Tuesday, June 18, 2013

Cry, Robot, Cry

Today's Movie Minute is about future technology that is so advanced that robots cry. They cry rivers, buckets, gushing streams of robot tears. Why? Because we all cry, dummy. Geesh, stop being so emotionally dead. (Wait. That's me.)


Haley Joel Osment plays a child actor who will be forgotten as an adult. He's also a robot. And a crybaby.


Beyond his soft supple humanoid skin and breakfast-cereal-selling face, he cries a lot. In the credits there is someone known as EYE DEWER FOR MR. OSMENT. They were frantically lubricating this kid's eyes practically every damn frame.


Why would a robot have the ability to cry? What does it mean? Where do the tears come from? Is it because the lubrication prevents thermal breakdown and oil viscosity....?? 

"I'm dewy. And backlit, Mommy!"

Other robots are much more realistic. They provide sex. Their motto: once you go mecha you never go becha. And no doubt when they orgasm they cry copiously. (Not that I've ever done that myself... Uh, yeah.)

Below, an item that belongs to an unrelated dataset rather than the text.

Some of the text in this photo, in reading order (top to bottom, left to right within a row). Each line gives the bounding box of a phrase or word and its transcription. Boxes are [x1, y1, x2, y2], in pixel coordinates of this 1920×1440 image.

Speaking of sex, the Mommy character teaches Osment about threesomes with Teddy Ruxpin.

"Can you say threesome, honey? Three-some..."

Let's see, there's a plot of some kind in this interminable movie. Osment and Teddy go on a heartsmart journey to Manhattan and do the usual touristy things.

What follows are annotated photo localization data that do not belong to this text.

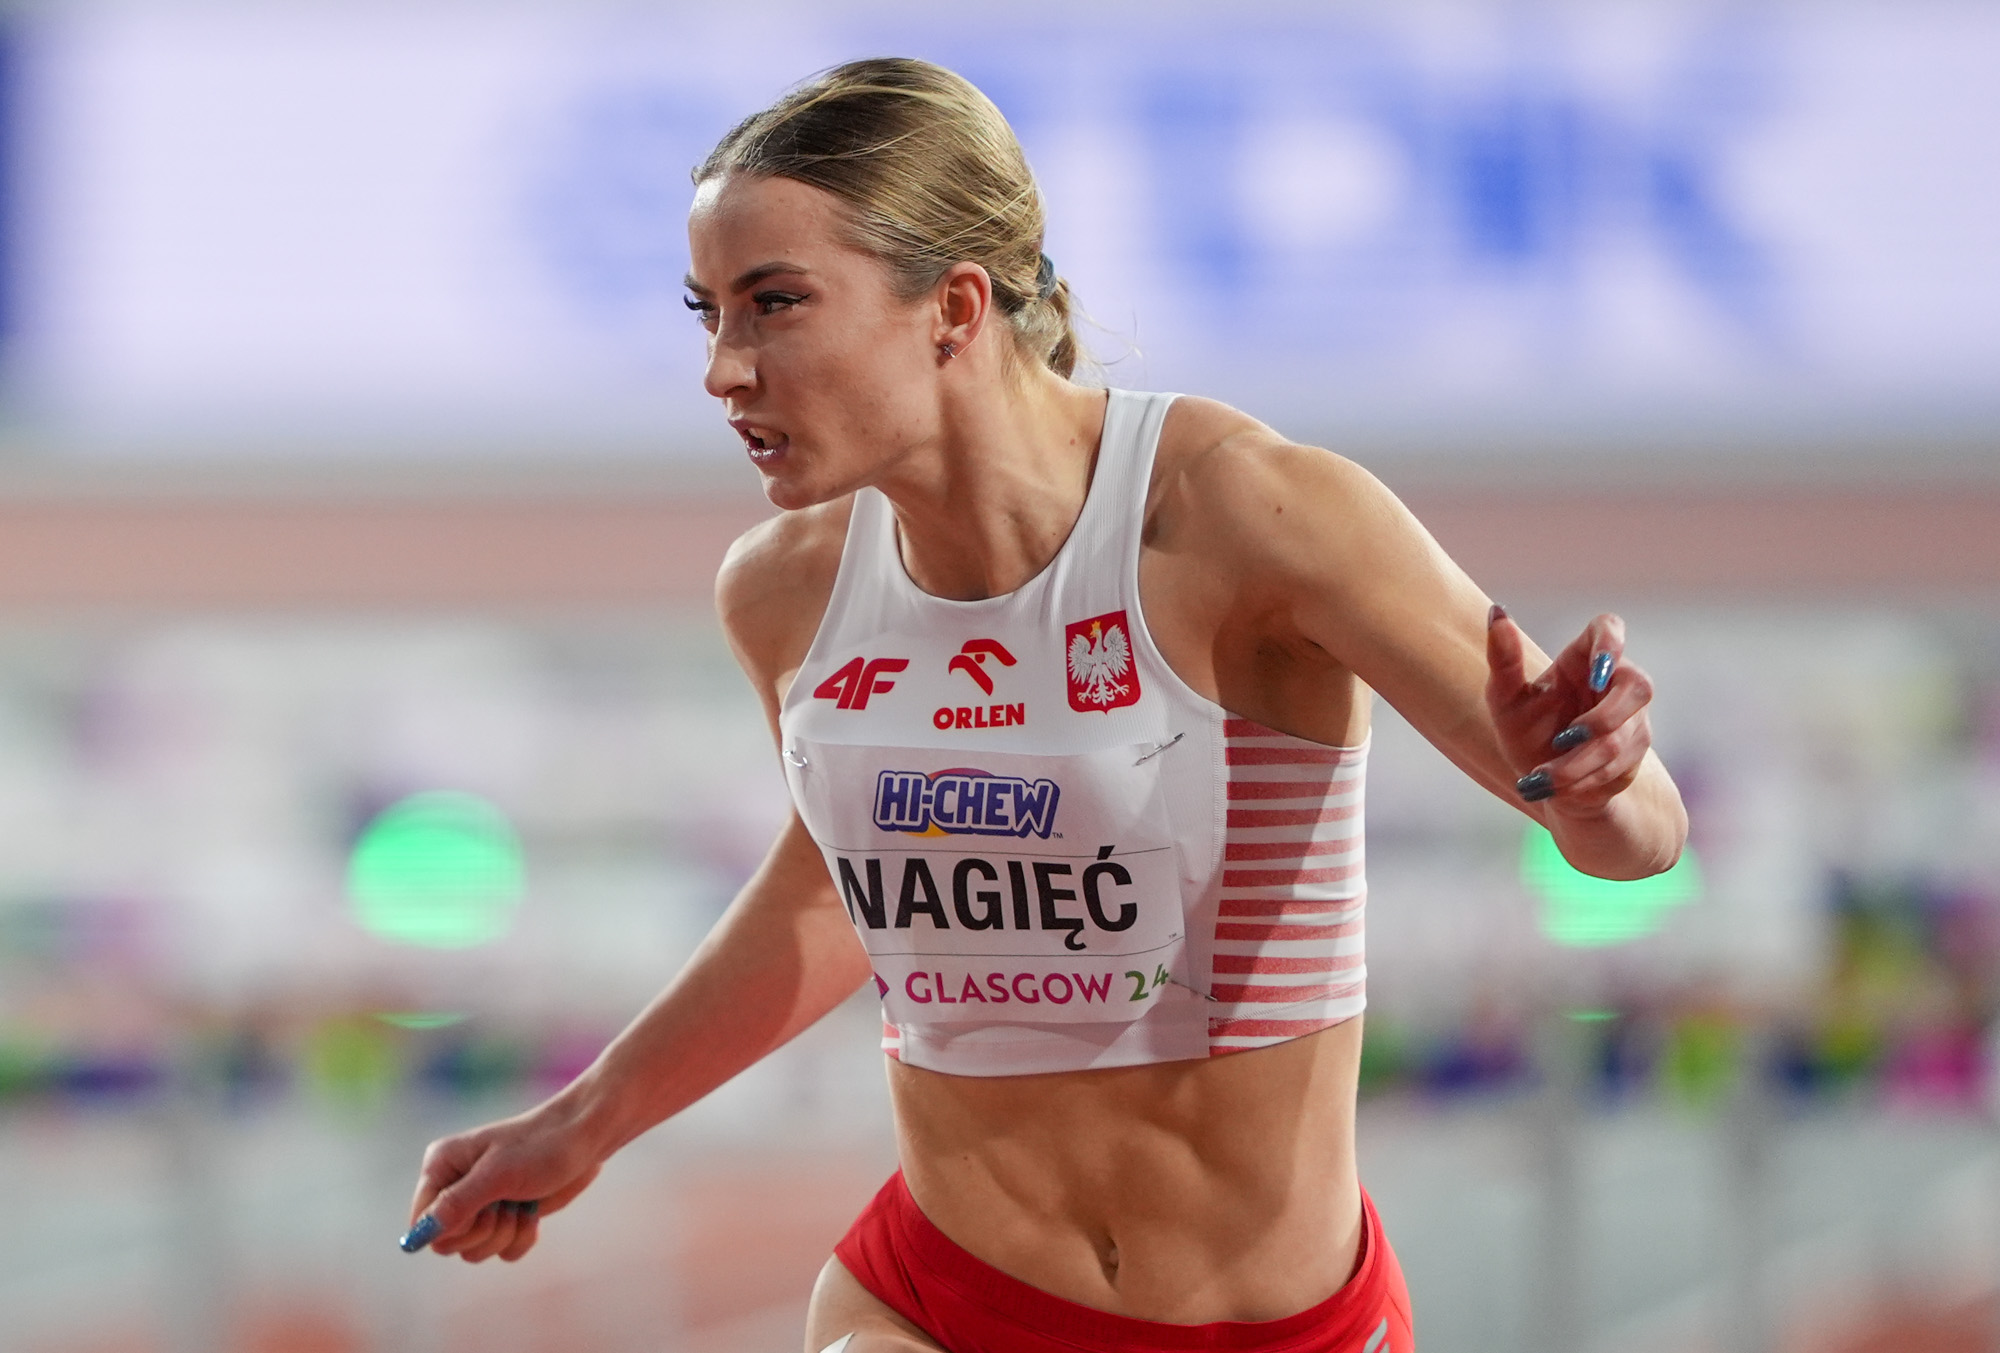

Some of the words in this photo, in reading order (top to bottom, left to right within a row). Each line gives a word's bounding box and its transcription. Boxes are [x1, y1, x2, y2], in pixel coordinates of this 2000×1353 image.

[813, 656, 909, 710] 4F
[933, 703, 1025, 730] ORLEN
[874, 770, 1060, 838] HI-CHEW
[837, 845, 1138, 950] NAGIĘĆ
[905, 972, 1113, 1004] GLASGOW
[1125, 963, 1169, 1002] 24
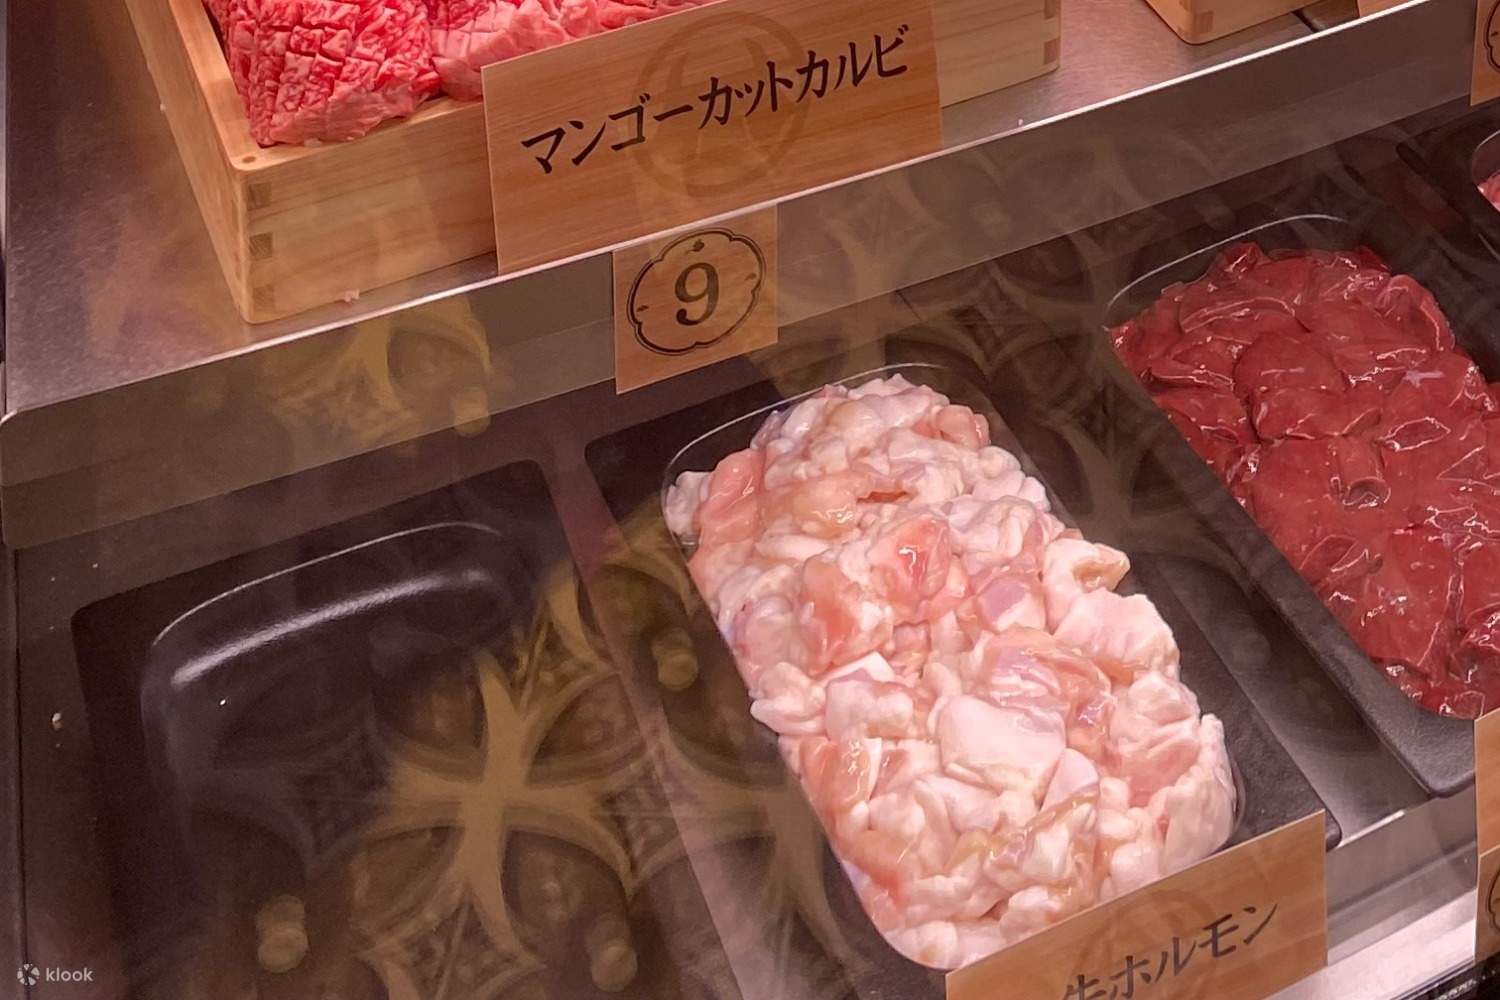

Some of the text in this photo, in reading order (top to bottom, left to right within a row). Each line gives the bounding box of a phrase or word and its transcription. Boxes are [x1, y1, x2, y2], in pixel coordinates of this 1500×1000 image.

"Damnit, you blew it up! Damn you all to hell! Wait... You put it under water?! Damn you all... aw fuck it."

Along the way they have various adventures with other robots, and stuff. (Meanwhile I press the time button on my remote: what, another 48 minutes to go?! WHY DOES GOD HATE ME??!)

Wait, is that Yul Brenner under there?!

Doing its best to try our patience, the movie rolls two-thousand fucking years into the future where Osment has a close encounter with robots who tell him to call home, where some long-distance charges may apply. 


Demonstrating how schlocky and manipulative the movie is, the blue fairy from Coney Island has been underwater for centuries and then frozen in a new ice age, and yet her face is pristine and beautiful, designed to maximize cascading gushing quantities of tears from our eye jails.

"Blue Angel?! Is that Cyndi Lauper?!?"

Morgan Freeman's voice comes on to explain what just happened the last three hours, but by then our eyes are so permanently moistened we can't see the kitchen to grab the butcher knife to stab our eyes out, in a final irony that any robot would love if it could understand irony. Oh, the irony!